(Phrase grounding data)
_ _ _ _

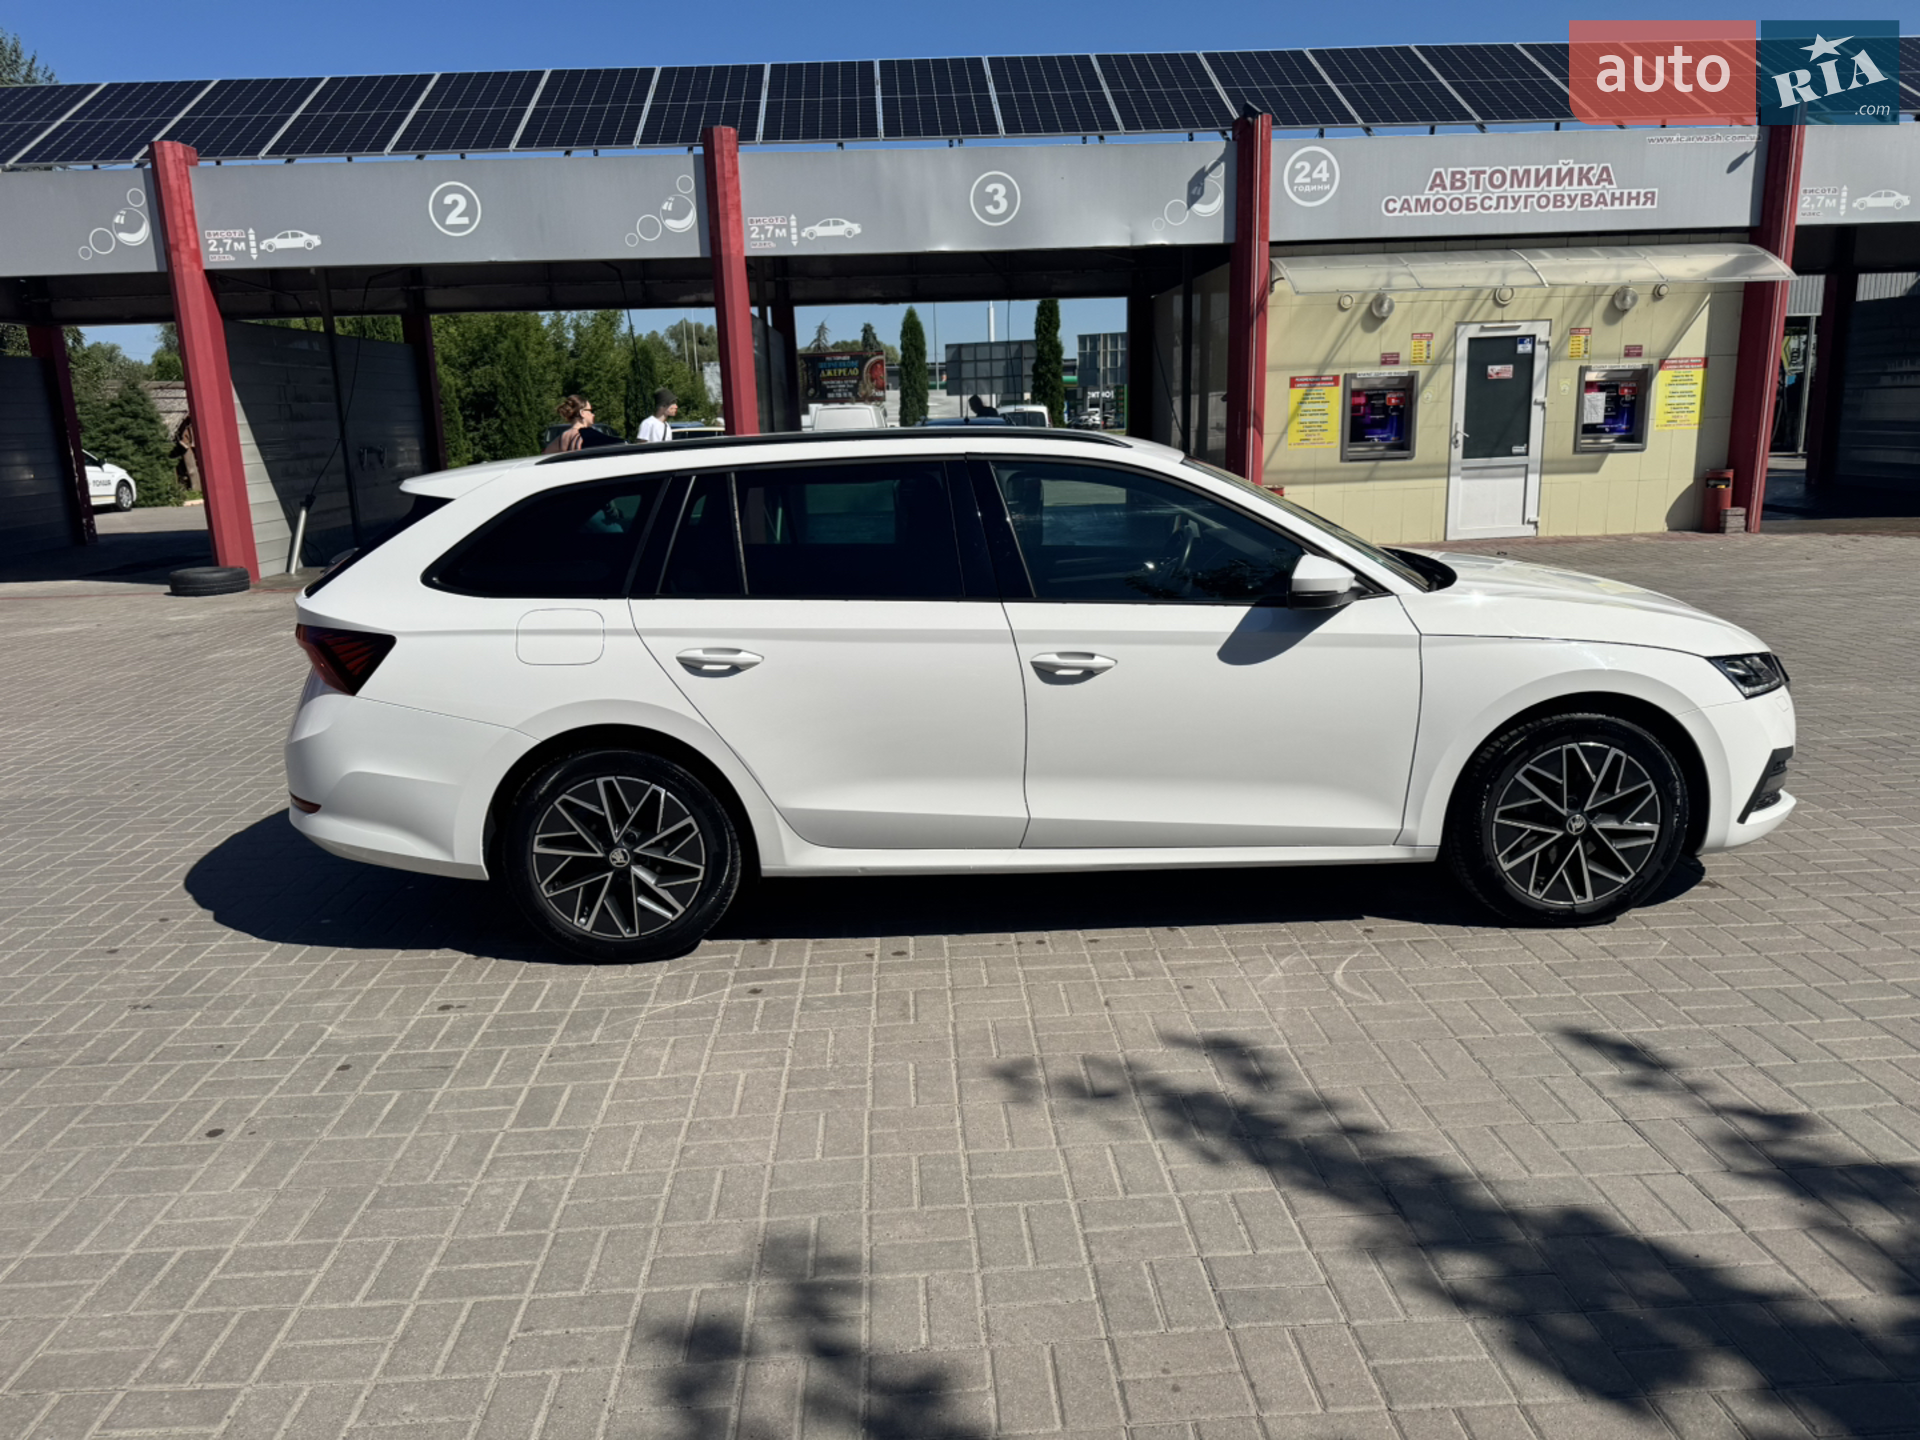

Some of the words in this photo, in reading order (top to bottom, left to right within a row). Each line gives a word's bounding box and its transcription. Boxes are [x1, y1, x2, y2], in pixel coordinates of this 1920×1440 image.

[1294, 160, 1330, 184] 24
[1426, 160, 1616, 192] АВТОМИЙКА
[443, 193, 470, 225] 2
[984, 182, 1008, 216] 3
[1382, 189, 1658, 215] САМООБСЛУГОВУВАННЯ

_ _ _ _

* _AIM OF THE TASK_:
With the pictures set aside, copy each line above as written.

* _YOUR SOLUTION_:
Some of the words in this photo, in reading order (top to bottom, left to right within a row). Each line gives a word's bounding box and its transcription. Boxes are [x1, y1, x2, y2], in pixel coordinates of this 1920×1440 image.

[1294, 160, 1330, 184] 24
[1426, 160, 1616, 192] АВТОМИЙКА
[443, 193, 470, 225] 2
[984, 182, 1008, 216] 3
[1382, 189, 1658, 215] САМООБСЛУГОВУВАННЯ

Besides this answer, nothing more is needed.